• DIRECTIONS
Reproduce the entries below exactly, but leave the pictures out.

• GIVEN RECORDS

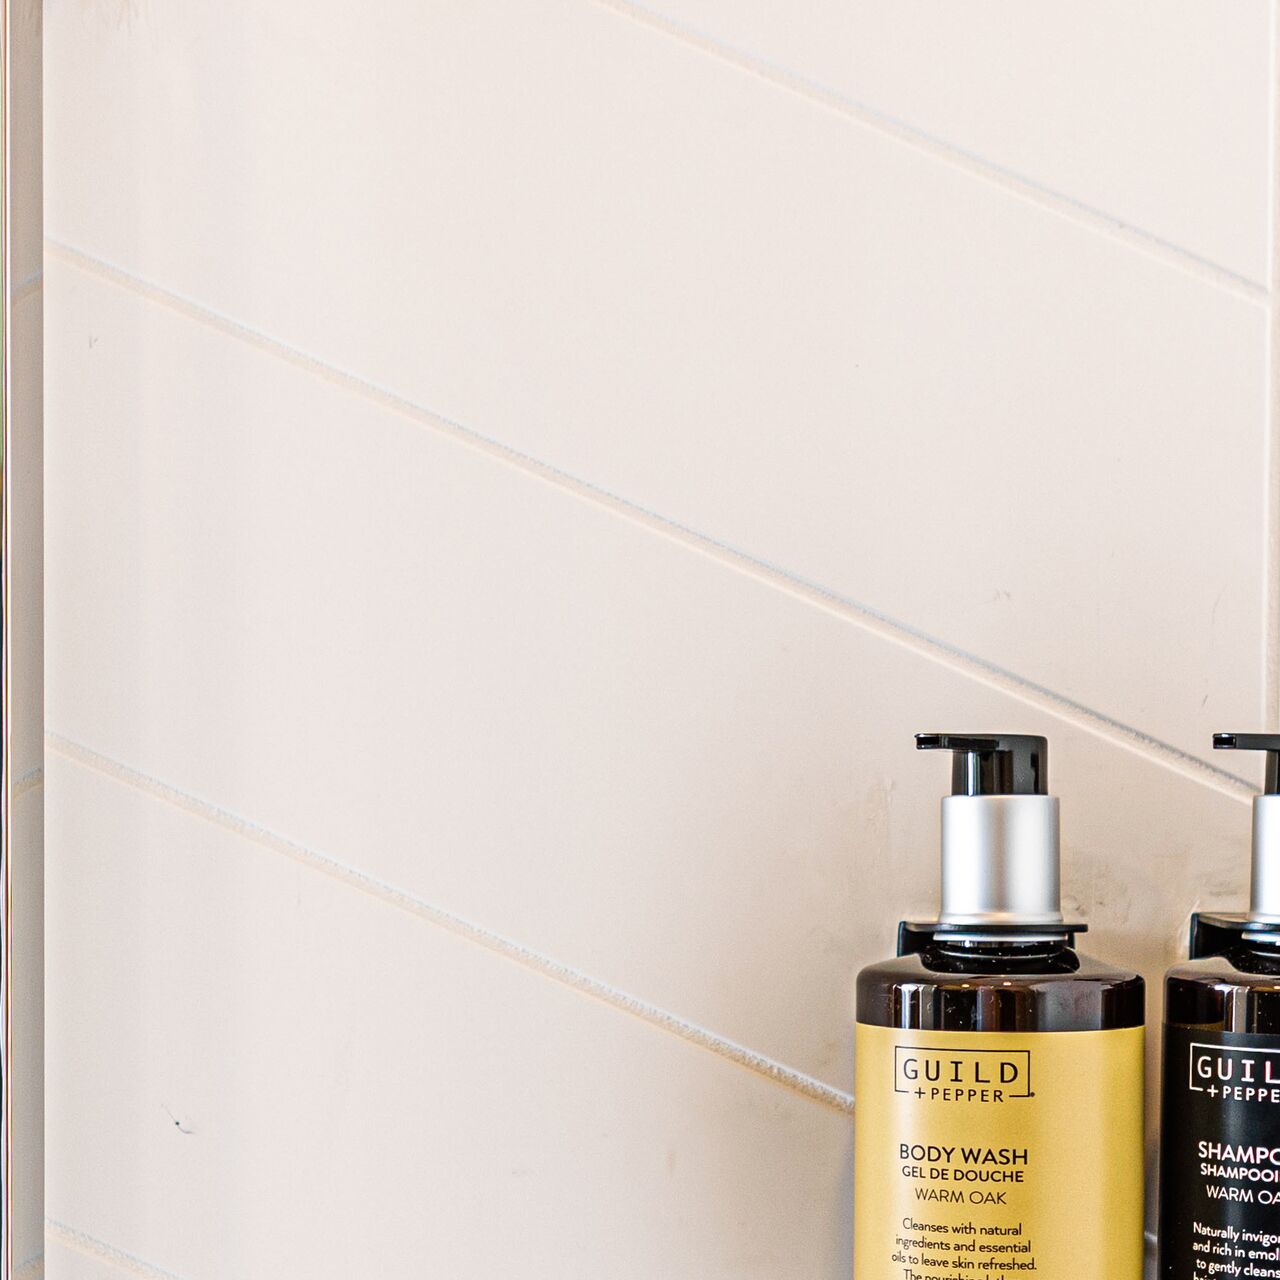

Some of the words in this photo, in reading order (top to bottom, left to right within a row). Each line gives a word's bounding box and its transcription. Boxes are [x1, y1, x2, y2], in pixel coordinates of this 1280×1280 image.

[903, 1058, 1018, 1083] GUILD
[900, 1144, 956, 1163] BODY
[961, 1148, 1028, 1165] WASH
[902, 1166, 926, 1179] GEL
[930, 1168, 949, 1180] DE
[953, 1169, 1024, 1182] DOUCHE
[915, 1188, 965, 1203] WARM
[969, 1190, 1007, 1205] OAK
[1206, 1184, 1254, 1202] WARM
[902, 1218, 949, 1234] Cleanses
[952, 1222, 976, 1235] with
[980, 1223, 1022, 1236] natural
[1193, 1222, 1239, 1241] Naturally
[896, 1235, 950, 1251] ingredients
[953, 1240, 975, 1252] and
[979, 1240, 1031, 1253] essential
[1192, 1240, 1210, 1253] and
[1213, 1243, 1232, 1256] rich
[1234, 1246, 1245, 1258] in
[892, 1251, 906, 1264] oils
[908, 1256, 919, 1265] to
[921, 1254, 949, 1267] leave
[952, 1257, 974, 1269] skin
[978, 1258, 1037, 1270] refreshed.
[1196, 1259, 1206, 1269] to
[1208, 1260, 1241, 1276] gently
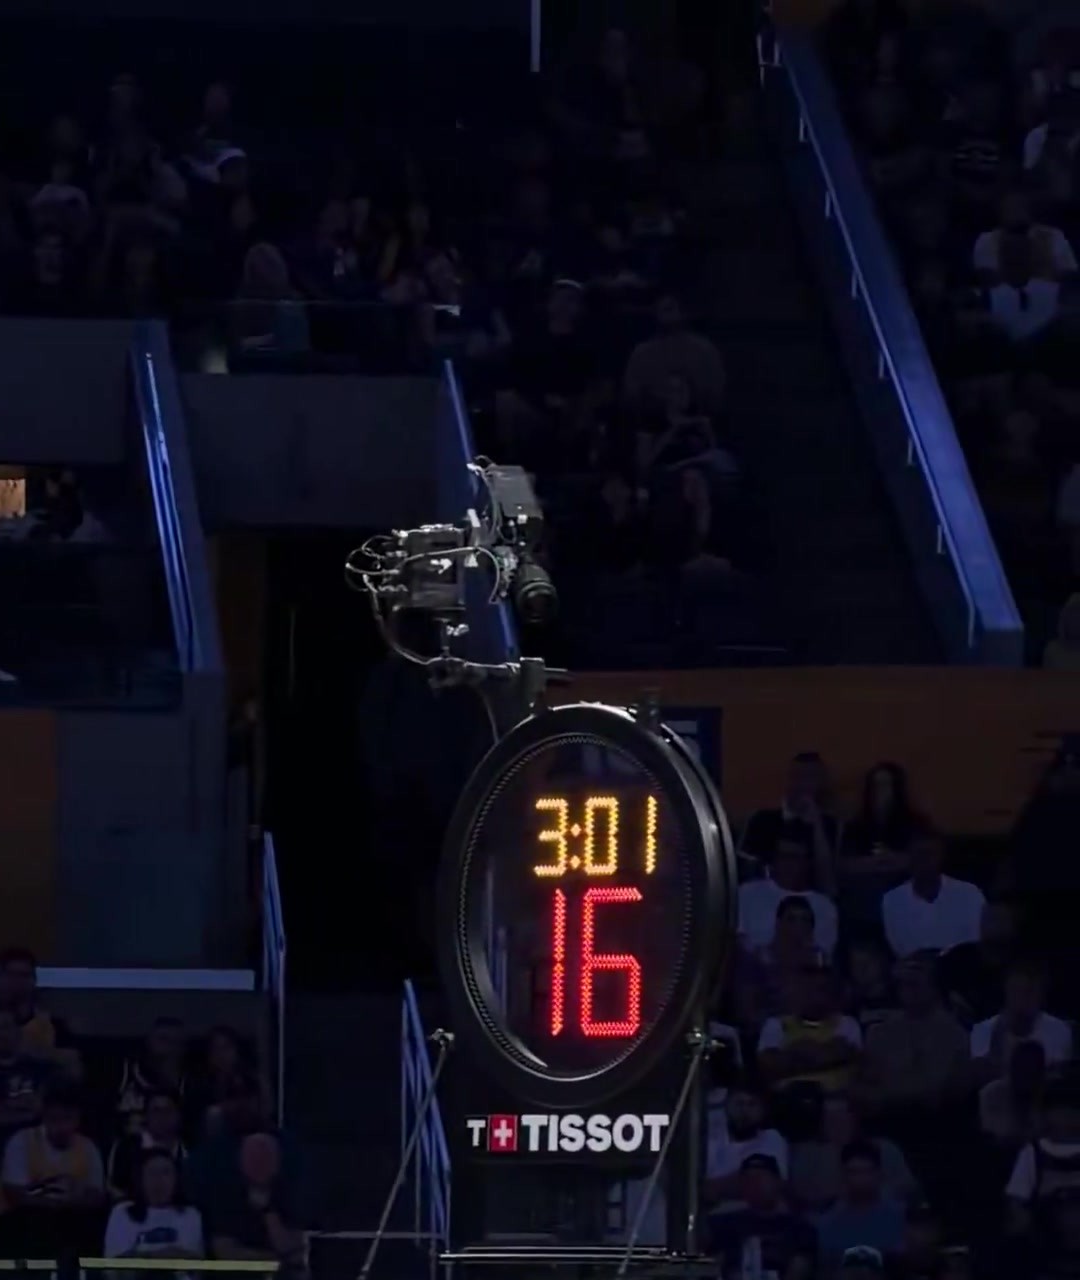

• RESULT FOR THIS TASK
Some of the words in this photo, in reading order (top to bottom, left to right within a row). Each line gives a word's bounding box and its transcription. Boxes are [x1, y1, x2, y2], in pixel coordinates of this 1280×1280 image.

[903, 1058, 1018, 1083] GUILD
[900, 1144, 956, 1163] BODY
[961, 1148, 1028, 1165] WASH
[902, 1166, 926, 1179] GEL
[930, 1168, 949, 1180] DE
[953, 1169, 1024, 1182] DOUCHE
[915, 1188, 965, 1203] WARM
[969, 1190, 1007, 1205] OAK
[1206, 1184, 1254, 1202] WARM
[902, 1218, 949, 1234] Cleanses
[952, 1222, 976, 1235] with
[980, 1223, 1022, 1236] natural
[1193, 1222, 1239, 1241] Naturally
[896, 1235, 950, 1251] ingredients
[953, 1240, 975, 1252] and
[979, 1240, 1031, 1253] essential
[1192, 1240, 1210, 1253] and
[1213, 1243, 1232, 1256] rich
[1234, 1246, 1245, 1258] in
[892, 1251, 906, 1264] oils
[908, 1256, 919, 1265] to
[921, 1254, 949, 1267] leave
[952, 1257, 974, 1269] skin
[978, 1258, 1037, 1270] refreshed.
[1196, 1259, 1206, 1269] to
[1208, 1260, 1241, 1276] gently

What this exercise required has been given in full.